I’ve been on a Pinboard API roll lately. In hindsight it’s not surprising since I use Pinboard so much. Today’s post is another one in which I use R and the Pinboard API to fix a wrong in the world.


Have you ever noticed those Medium post links? Here’s an example:


See that #.ncvbvfg3r tacked on the end? I noticed it a while ago, and I’m not the only one. That appendage tracks referrals, and I can imagine it allows Medium to build quite the social graph. I don’t like it for two reasons:

  1. Hey buddy? Don’t track me.
  2. It makes it difficult to know if you’ve already bookmarked a post because it’s likely that if you come across the post again, its url is not the same as the one you already saved. When you try to save it to your Pinboard account, it won’t warn you that you already saved it in the past.
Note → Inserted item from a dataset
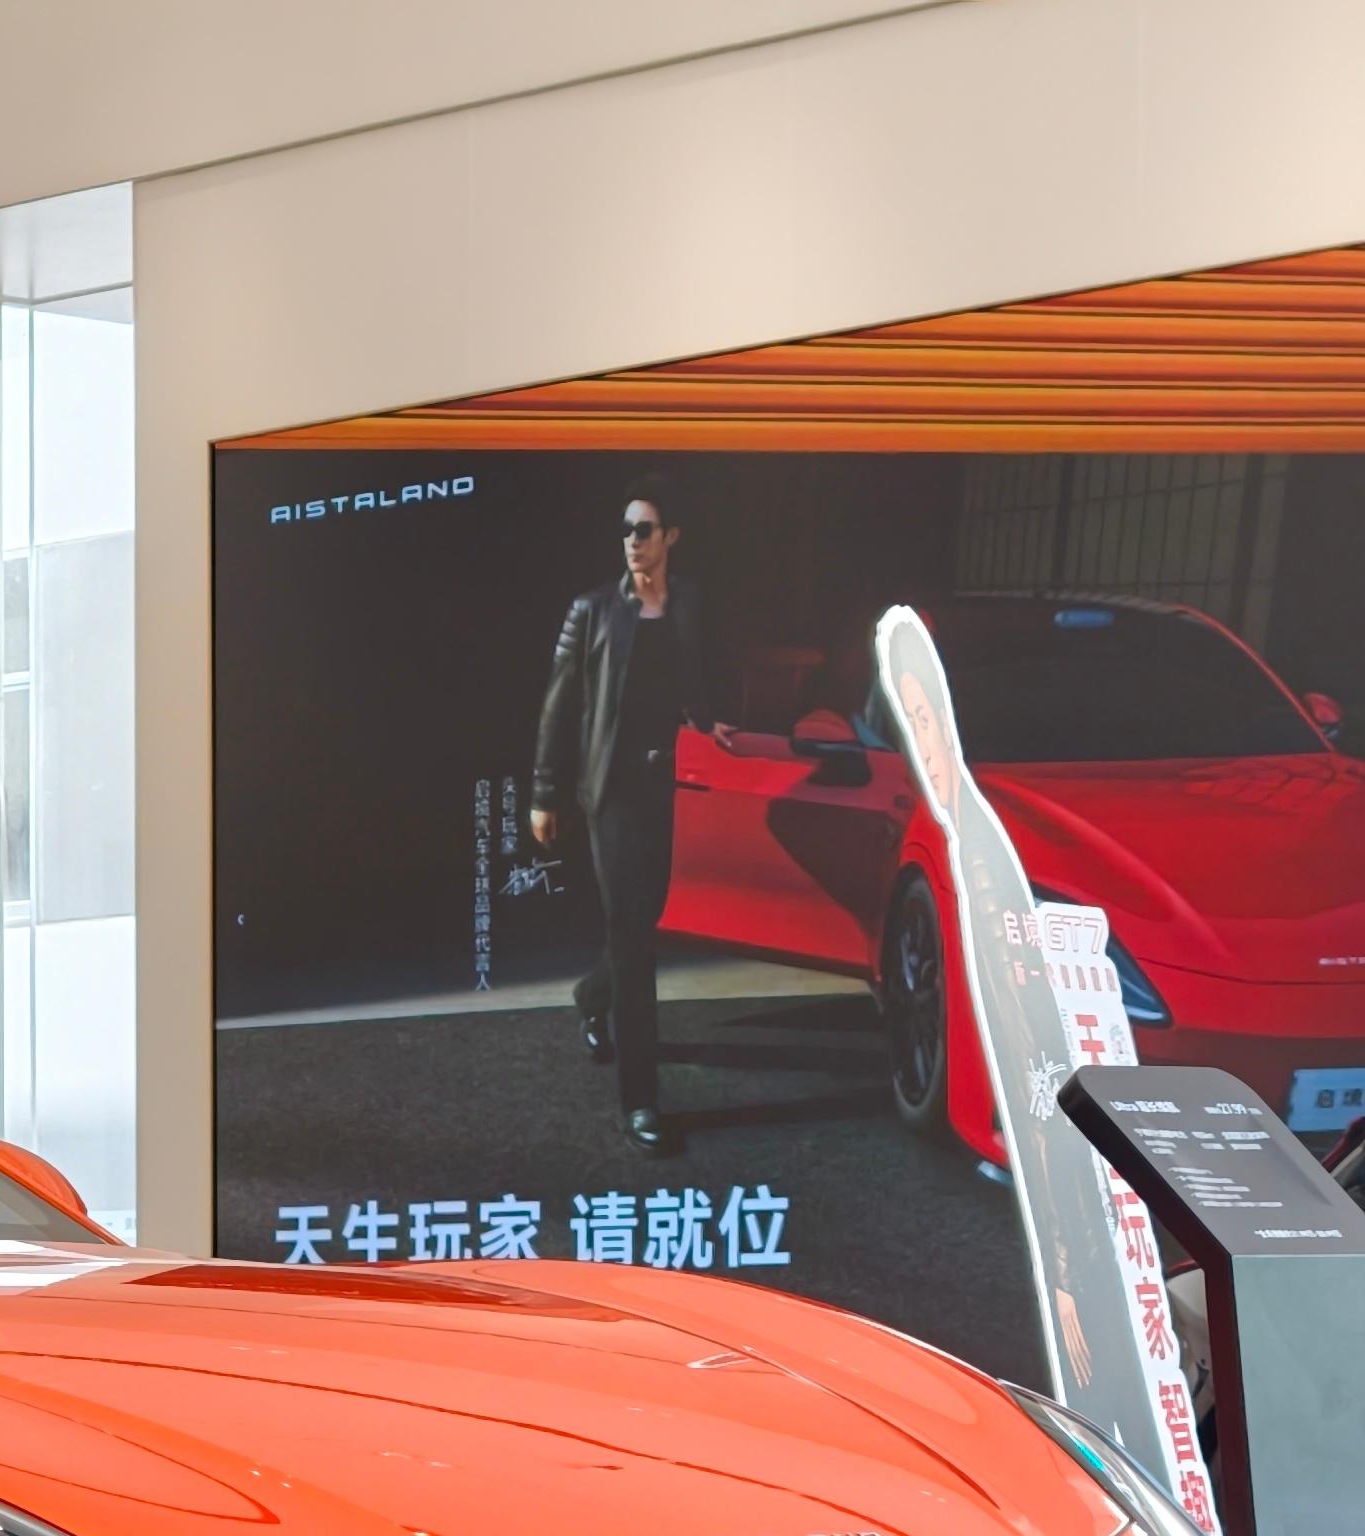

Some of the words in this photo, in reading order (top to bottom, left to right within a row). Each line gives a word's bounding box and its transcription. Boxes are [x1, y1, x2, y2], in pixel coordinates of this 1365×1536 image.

[270, 476, 474, 523] AISTALAND
[1045, 913, 1105, 954] GT7
[275, 1194, 541, 1264] 天生玩家
[569, 1184, 791, 1269] 请就位
You can find a discussion about this on the Pinboard Google Group.

Maciej Cegłowski, creator of Pinboard, was reassuringly himself about the issue:

I think the best thing in this situation is for Medium to die.
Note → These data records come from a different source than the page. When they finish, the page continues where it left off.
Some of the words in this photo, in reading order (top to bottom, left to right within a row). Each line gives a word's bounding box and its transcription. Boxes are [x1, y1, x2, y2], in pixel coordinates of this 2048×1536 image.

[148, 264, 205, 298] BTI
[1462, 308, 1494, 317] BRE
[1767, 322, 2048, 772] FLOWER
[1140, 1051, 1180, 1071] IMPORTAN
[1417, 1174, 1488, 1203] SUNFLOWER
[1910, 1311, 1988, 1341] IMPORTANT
Should that happen I will shed few tears. I don’t want Medium to die, but they need to get better. In the meantime, they exist and I have to fix things on my end.

(½) Solution

I wrote a script that downloads all my Pinboard links, and removes that hash appendage before saving them back to my Pinboard account.
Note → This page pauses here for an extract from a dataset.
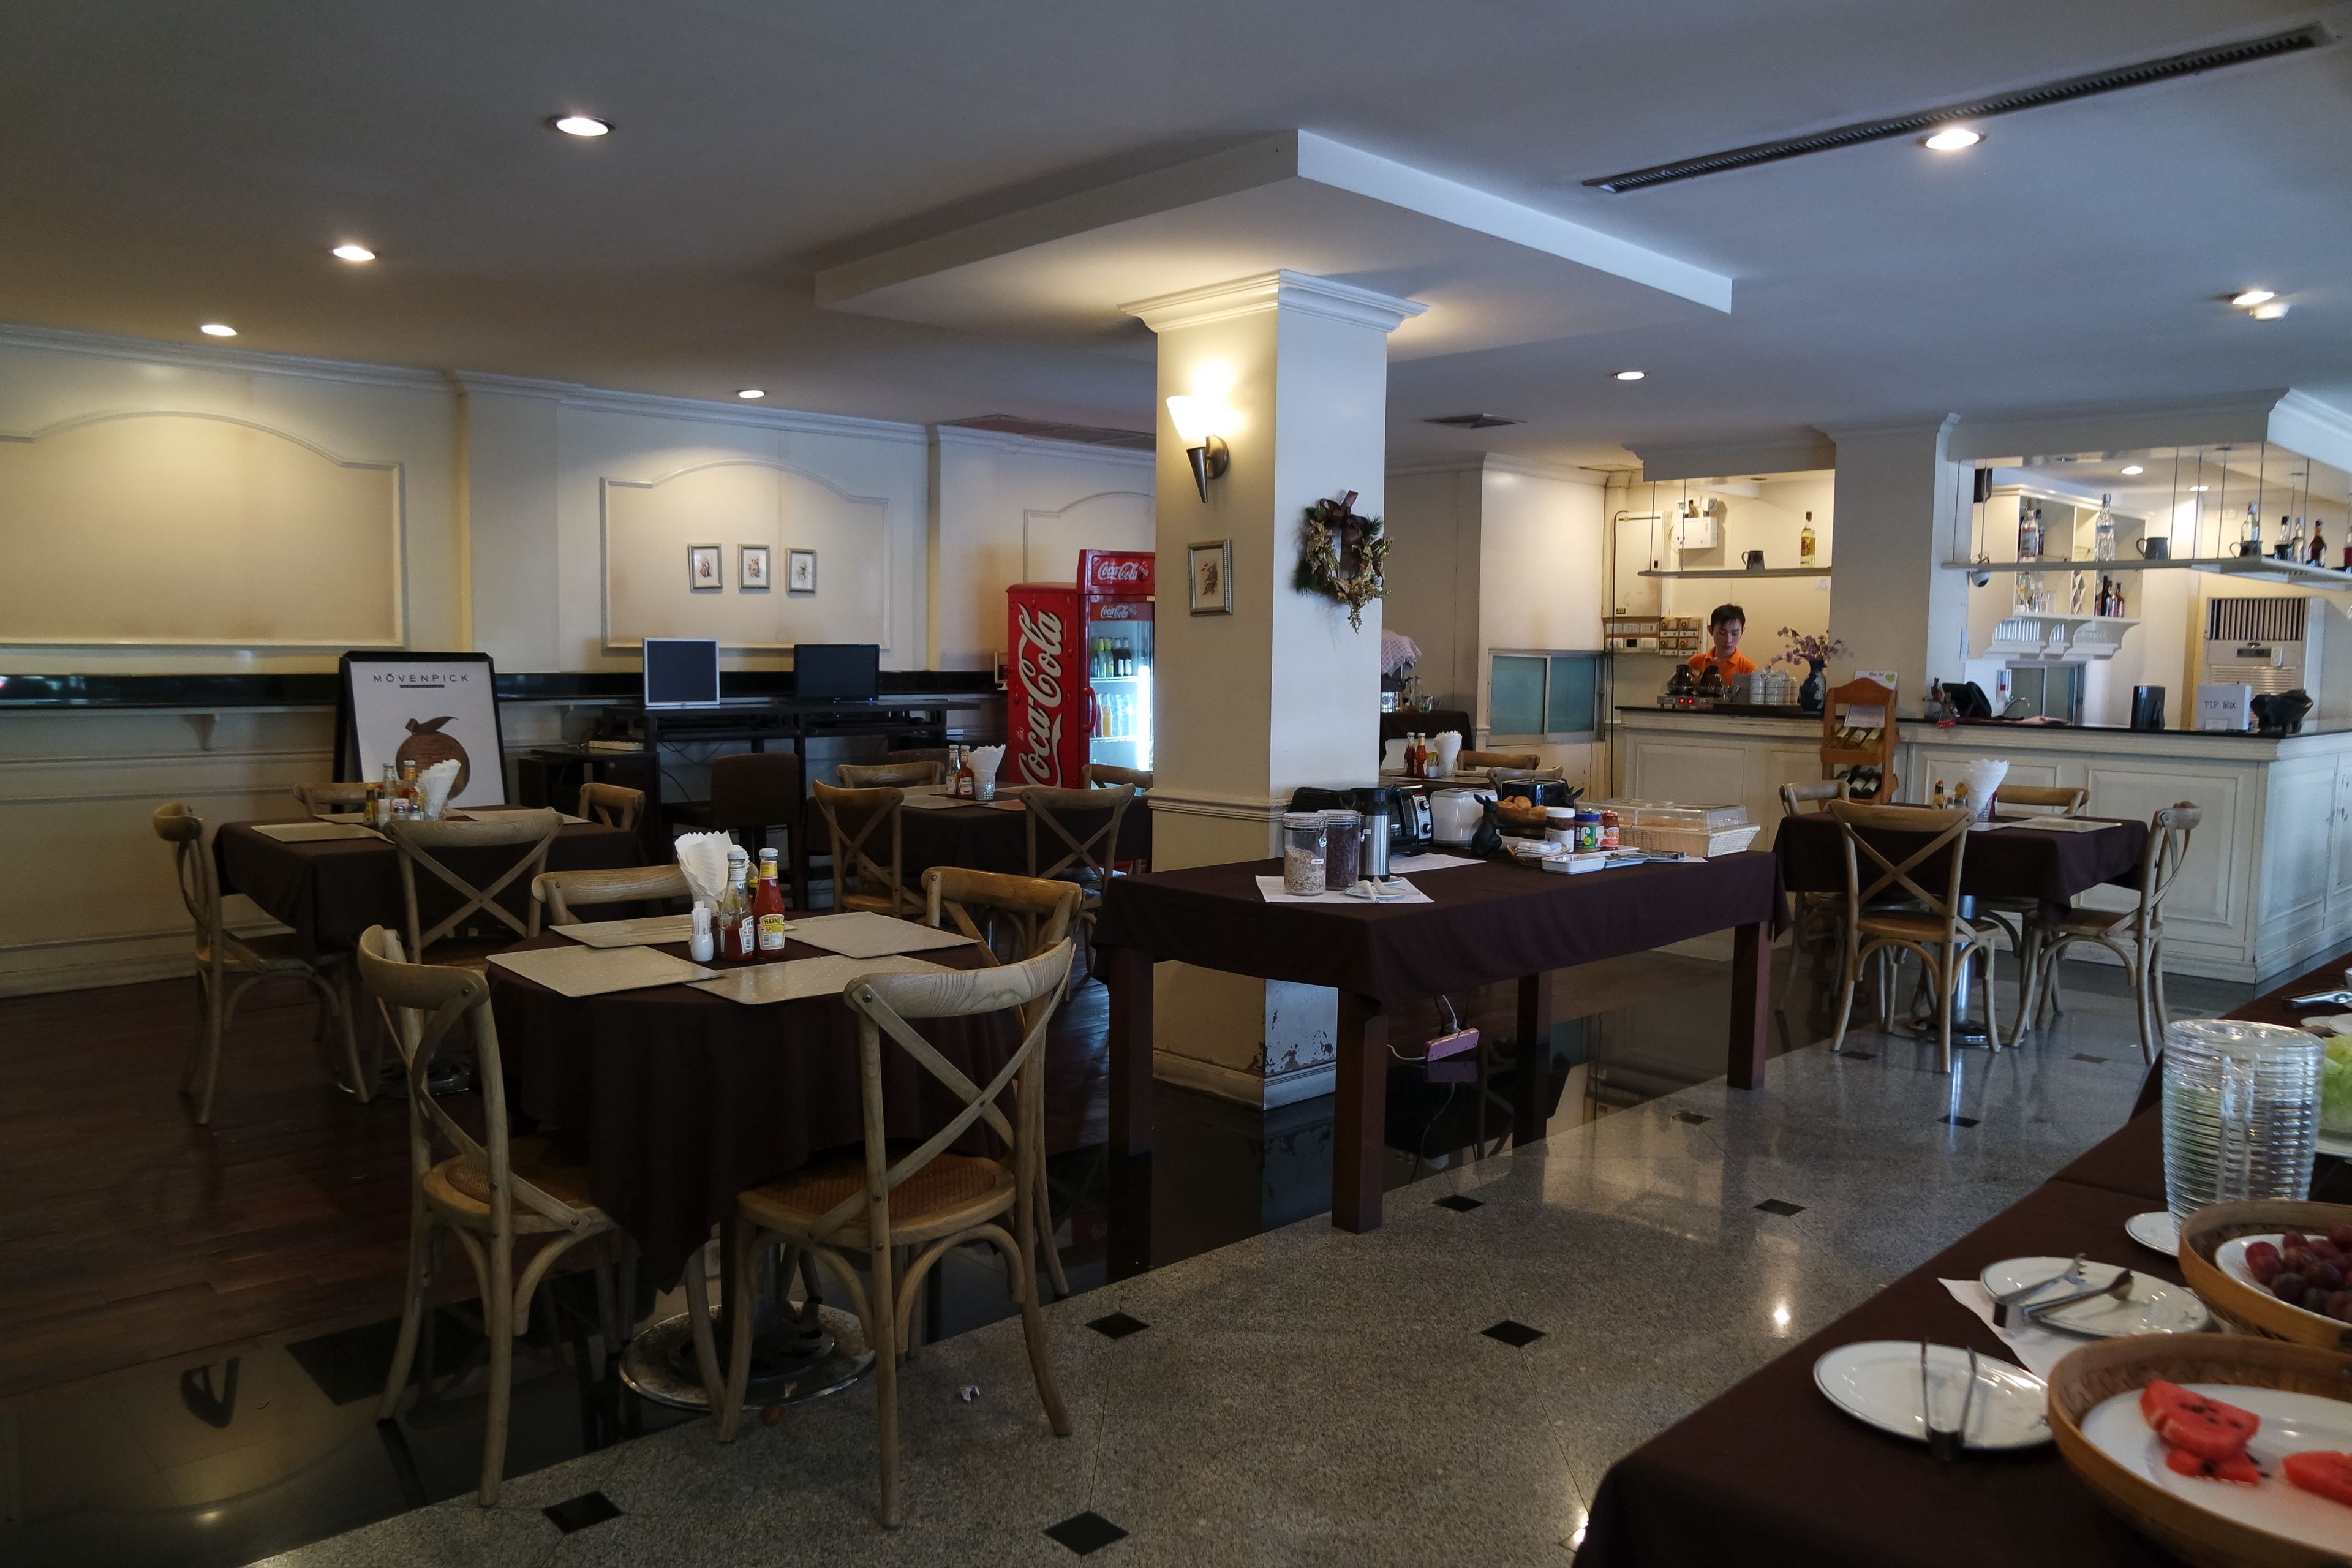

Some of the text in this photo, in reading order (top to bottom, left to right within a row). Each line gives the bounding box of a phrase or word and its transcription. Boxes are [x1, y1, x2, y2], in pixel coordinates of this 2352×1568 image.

[373, 673, 469, 682] MÖVENPICK
[2204, 701, 2236, 710] TIP BOX
[1575, 826, 1591, 841] if
This is half a solution because it only solves reason 1, the tracking. Each time I visit or share a sanitized link, a new appendage will be generated, breaking its connection to how I came across the link in the first place.

It doesn’t solve reason 2 – if I had already saved a link to my Pinboard account, and then come across it again and try to save it, having forgotten that I already did so in the past, Pinboard won’t match the urls since the one it has is sanitized. Unless Maciej decides to implement a Medium-specific feature to strip those tracking tokens, there’s not much I can do about that.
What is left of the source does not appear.